:: EXERCISE REQUIREMENTS ::
Restate the listing that follows word for word, without its pictures.

BEGIN

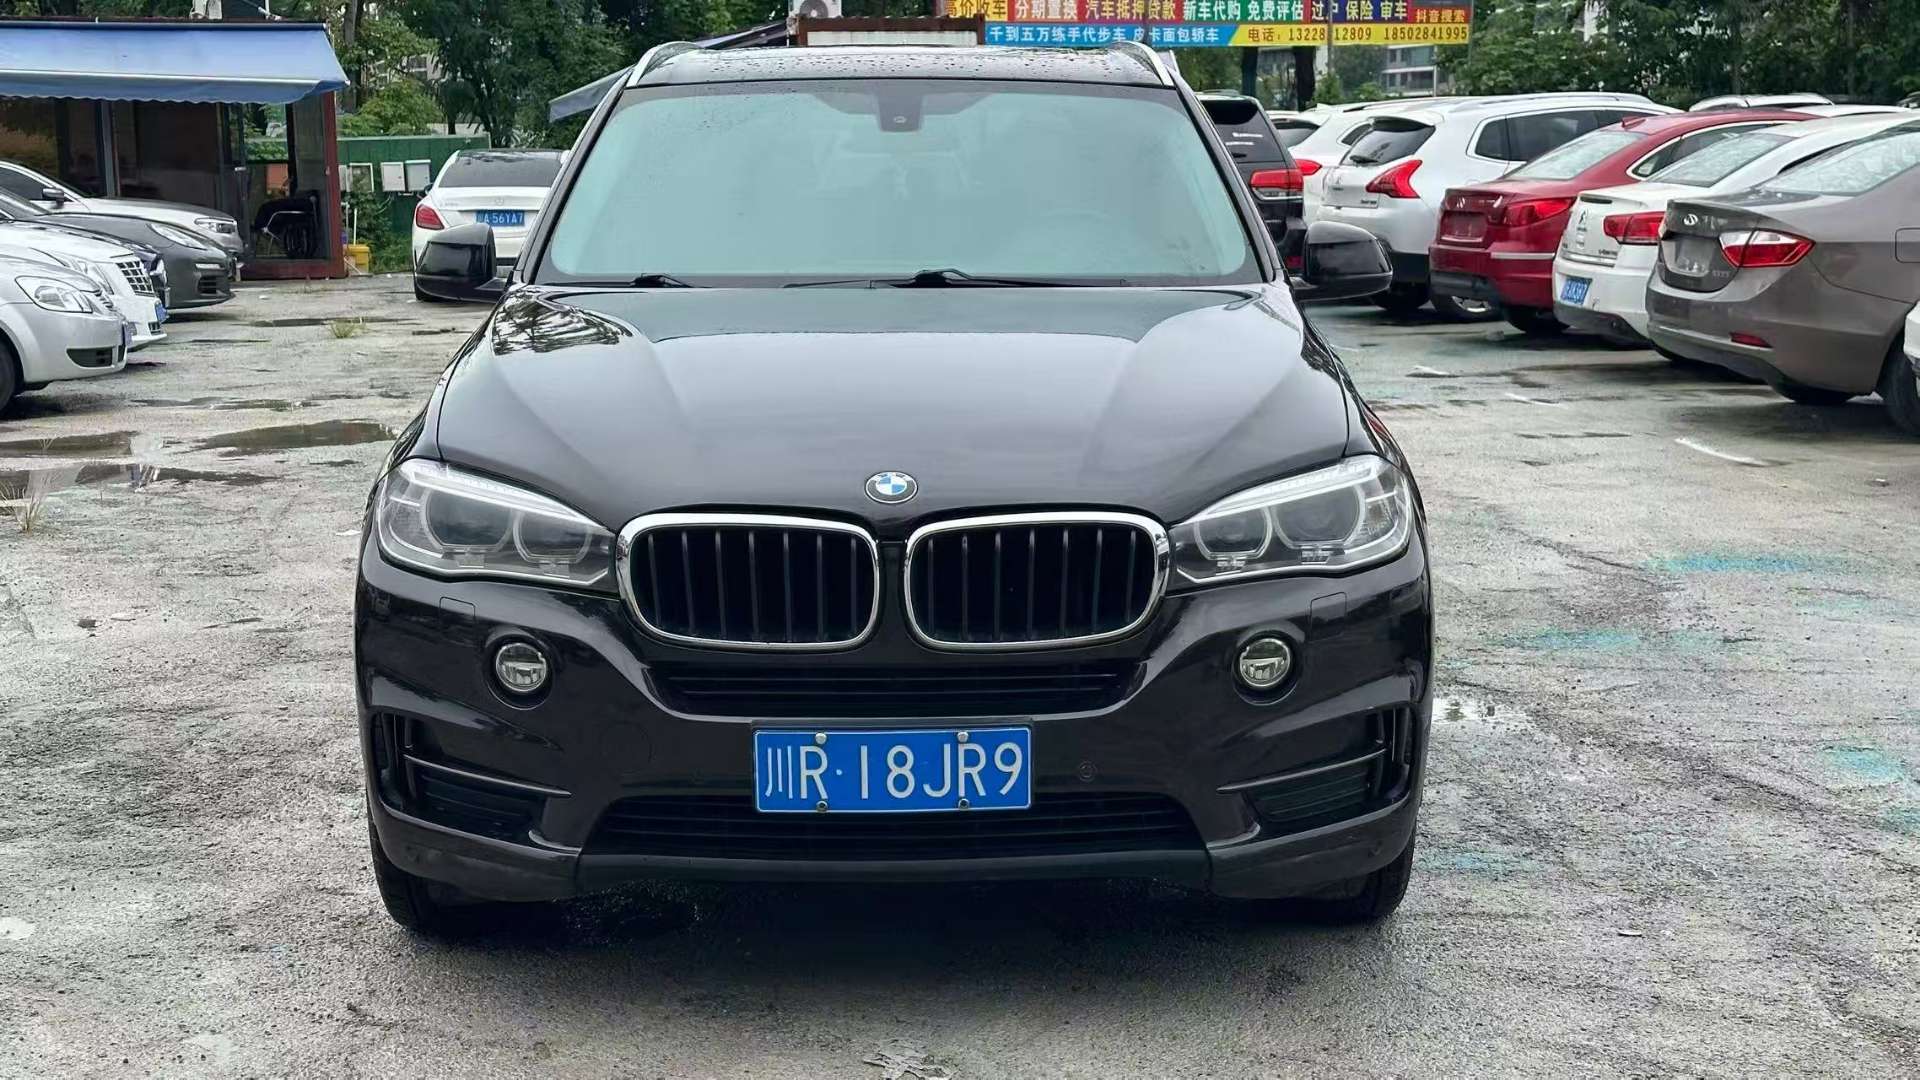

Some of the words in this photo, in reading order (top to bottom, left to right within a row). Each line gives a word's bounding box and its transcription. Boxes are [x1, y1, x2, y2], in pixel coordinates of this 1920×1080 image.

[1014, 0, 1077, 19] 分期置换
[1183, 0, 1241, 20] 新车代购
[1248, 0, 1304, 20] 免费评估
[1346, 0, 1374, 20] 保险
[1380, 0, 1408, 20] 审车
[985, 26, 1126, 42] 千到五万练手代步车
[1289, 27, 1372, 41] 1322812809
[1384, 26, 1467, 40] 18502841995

END

:: YOUR RESPONSE ::
Some of the words in this photo, in reading order (top to bottom, left to right within a row). Each line gives a word's bounding box and its transcription. Boxes are [x1, y1, x2, y2], in pixel coordinates of this 1920×1080 image.

[1014, 0, 1077, 19] 分期置换
[1183, 0, 1241, 20] 新车代购
[1248, 0, 1304, 20] 免费评估
[1346, 0, 1374, 20] 保险
[1380, 0, 1408, 20] 审车
[985, 26, 1126, 42] 千到五万练手代步车
[1289, 27, 1372, 41] 1322812809
[1384, 26, 1467, 40] 18502841995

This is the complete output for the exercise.